Implicit Regularization and Convergence for Weight Normalization

Review 1

Summary and Contributions: This paper studied overparametrized linear regression problem and proposed a corresponding optimization algorithm with weight normalization. This is done by splitting the norm and the unit vector of weight vector and performing a projection during gradient descent.

Strengths: The authors studied the dynamics of proposed method for this specific problem in both continuous and discrete case.

Weaknesses: 1. The linear regression problem has a theoretical solution. It is pointless to study the gradient descent method in this setting. Also, the proposed method, on the contrary to standard weight normalization [52], can not generalize to nonlinear or higher dimension case. >> addressed in rebuttal 2. The experiments show that the proposed method derives a similar/smaller final norm compared to standard weight normalization. However, this does not prove that the method is useful. In fact, it only shows that this method provides a stronger constraint on the norm of the weight. >> addressed in the rebuttal

Correctness: Yes

Clarity: Yes, the method is clearly demonstrated.

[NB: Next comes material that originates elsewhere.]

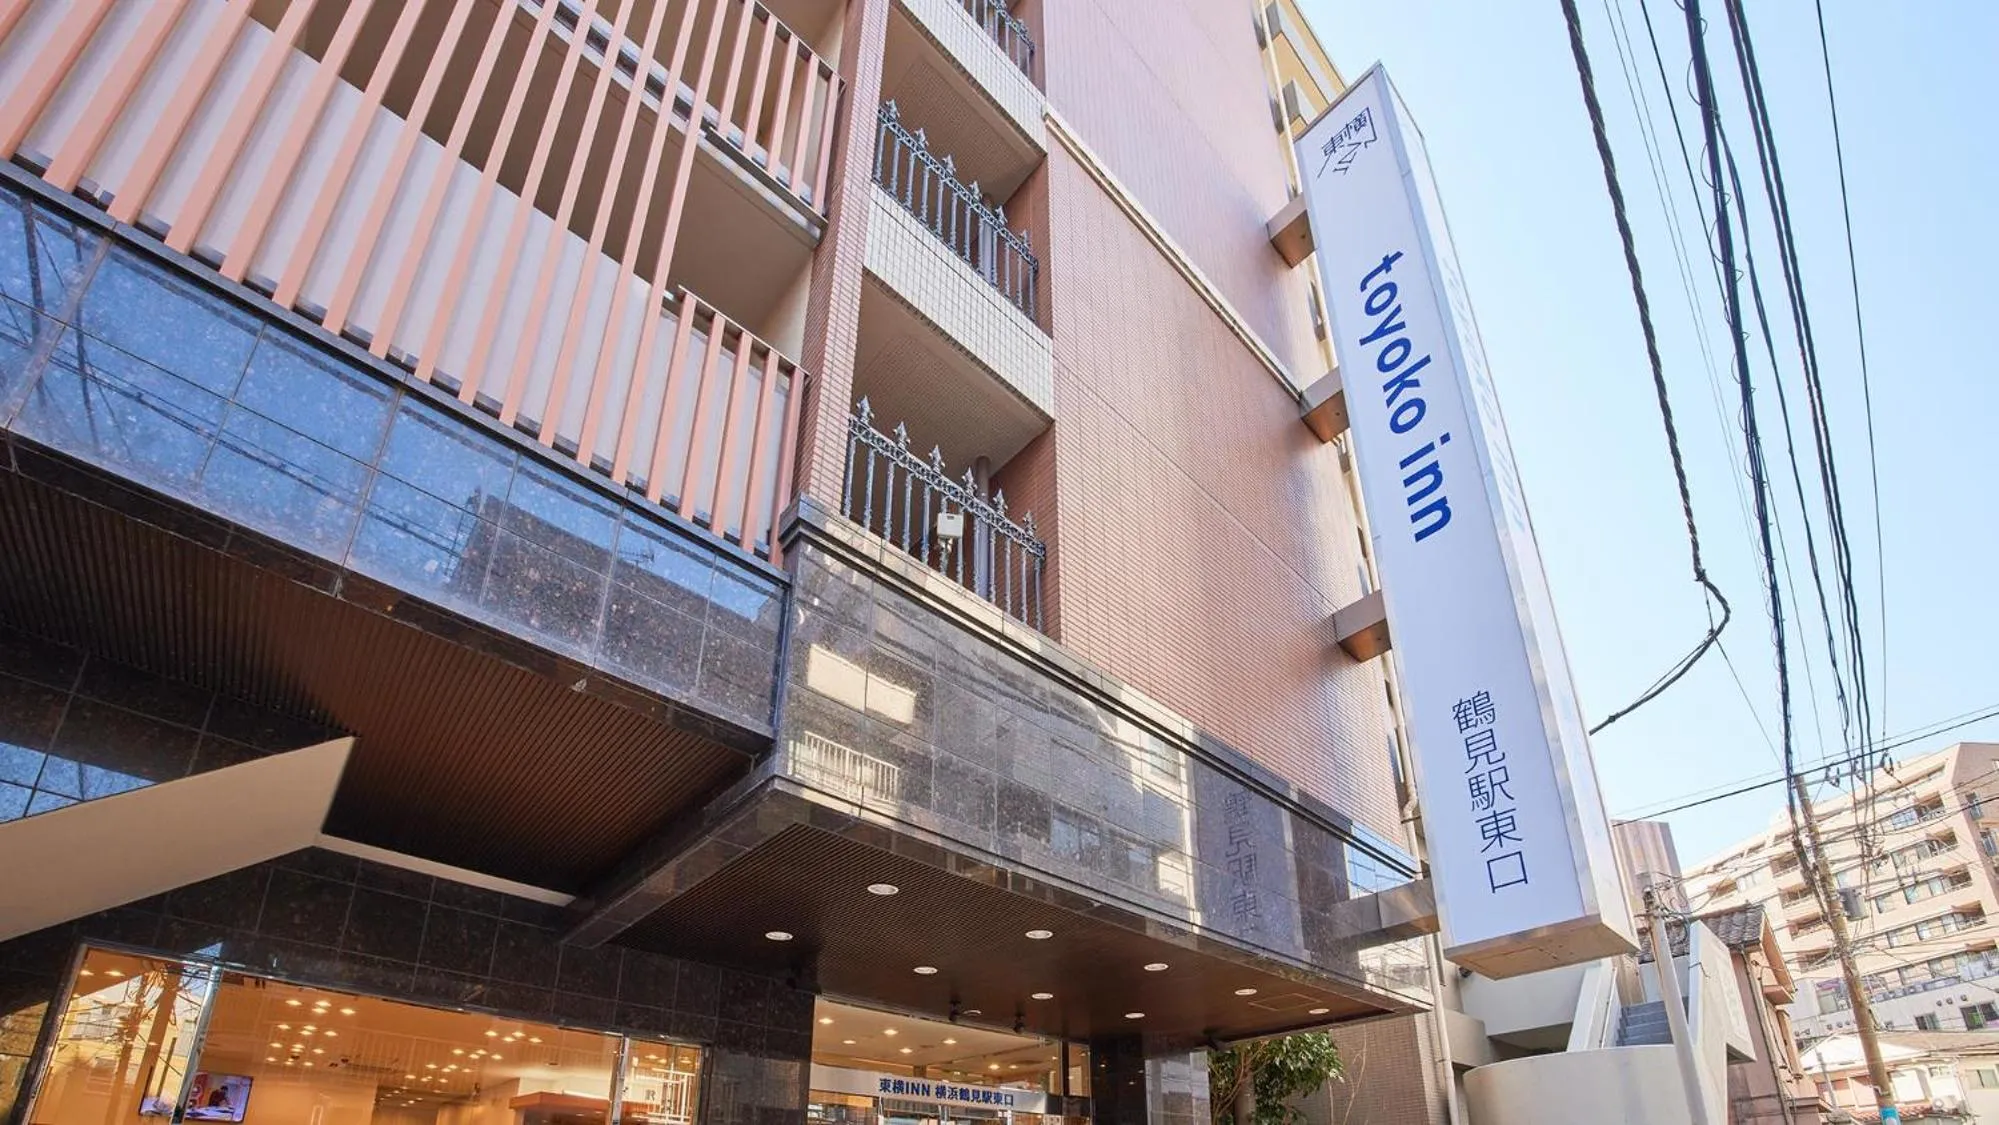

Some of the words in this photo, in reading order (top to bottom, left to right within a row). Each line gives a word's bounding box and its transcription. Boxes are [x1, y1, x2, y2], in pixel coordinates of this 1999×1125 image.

Relation to Prior Work: It cited several related papers.

Reproducibility: Yes

Additional Feedback:

Review 2

Summary and Contributions: The paper considers implicit regularization through weight normalization and one similar heuristic called reparameterized projection gradient descent in underdetermined linear least square minimization. First, a continuous time analysis proves that the two heuristics are essentially equivalent since they have the same limit behavior when the stepsize parameters involved tend to zero. Then the asymptotic behavior of the limit flow is fully described as the stationary points are characterized and two regimes in the rate of convergence are identified depending on the norm of the initialization of the scalar parameter. Then, the discrete time analysis of the convergence properties is applied to the second heuristic (RGPD) first for orthogonal systems before being extended to nonorthogonal. A thorough discussion is provided to discuss limitations and possible extensions to nonlinear LS.

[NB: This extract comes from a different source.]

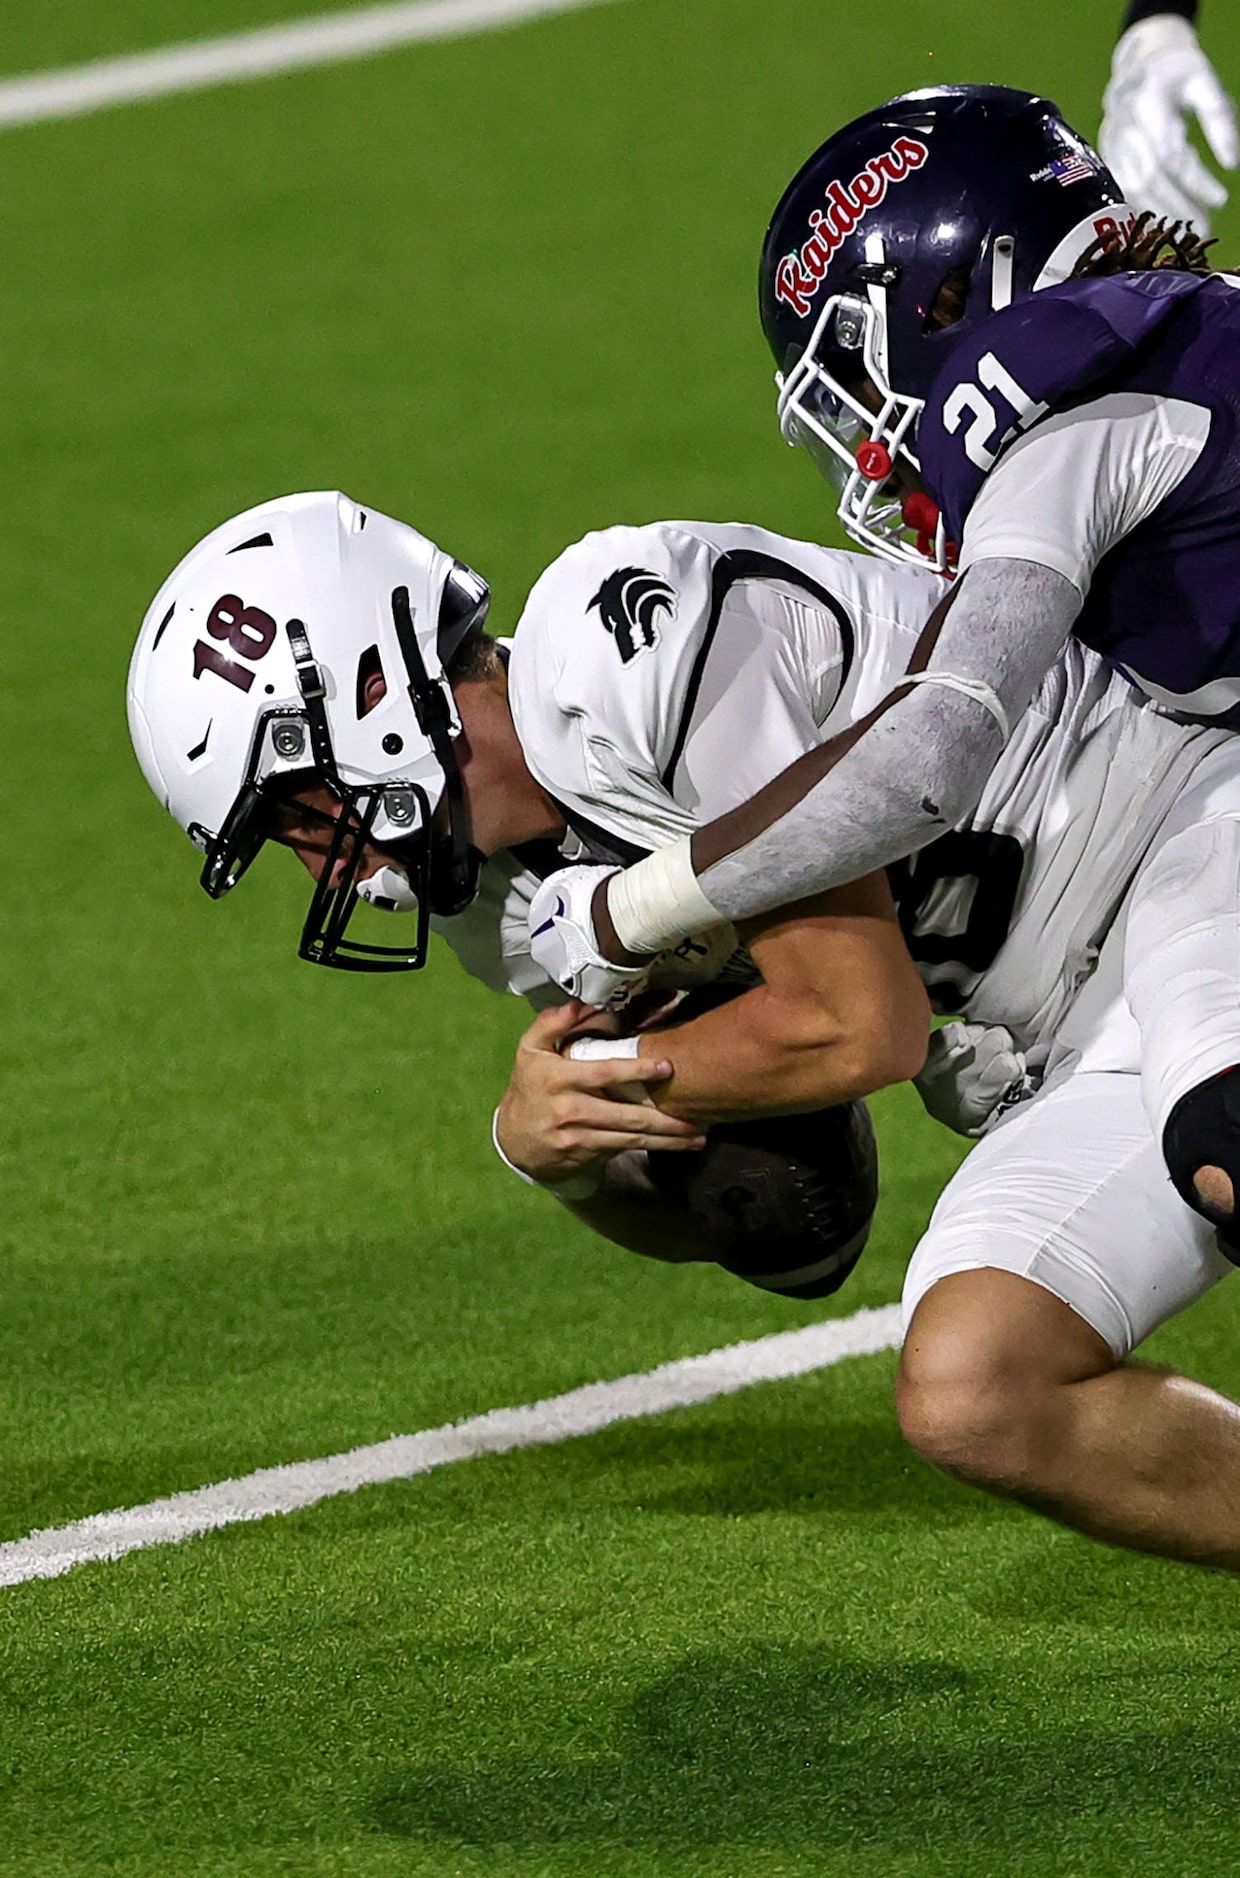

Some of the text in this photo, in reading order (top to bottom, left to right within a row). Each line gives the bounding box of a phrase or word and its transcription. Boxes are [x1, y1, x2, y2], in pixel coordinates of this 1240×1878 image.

[775, 136, 929, 317] Raiders
[942, 351, 1050, 473] 21
[191, 593, 278, 694] 18

Strengths: Understanding implicit regularization is probably the most important topic to develop further the theoretical foundations of high dimensional inference and machine learning. I found that the paper offers significant results on one of the currently used heuristics, namely weight normalization. The authors have also reached rate of convergence results with nontrivial conditions and characterization. I see it as a strength of the paper to have considered such a simple framework to highlight such a sophisticated analysis. It's definitely one of the best papers I have reviewed or meta-reviewed for NeurIPS in the last three years.

Weaknesses: No weakness found.

Correctness: Arguments, method and statements are perfectly sound and well founded.

Clarity: The paper is very clear and as much as possible self-contained. Proofs of theorems are deferred to the Appendix. I appreciated a lot the fact that the authors focused on a simple use case (namely LS with linear models) to highlight highly nontrivial behavior in weight normalization heuristics. In general, I enjoyed the paper very much!

Relation to Prior Work: The positioning of the paper is well grounded on previous work. The list of references is quite impressive and accurately used along the paper. Great work!

Reproducibility: No

Additional Feedback:

Review 3

Summary and Contributions: This work studies the implicit bias of weight normalization for GD learning interpolating least square. In this setting, this work shows that gradient flow and GD with a dedicated learning rate schedule can converge to minimal normal solution, which is different from vanilla gradient flow / GD, where they find closest solution to initialization.

Strengths: This work extends our understanding for the implicit bias of weight normalization.

Weaknesses: Overall I think this is a really good submission. If I have to mention something, the analysis is limited to linear models, and cannot be applied to SGD -- but by no means we shall ask for more as an initial work to explain the implicit bias of weight normalization.

Correctness: Looks sound to me.

Clarity: Yes, the paper is very well organized and the different between WN/rPGD and GD are clearly explained. They included a very specified discussion with related works. I have enjoyed reading the paper.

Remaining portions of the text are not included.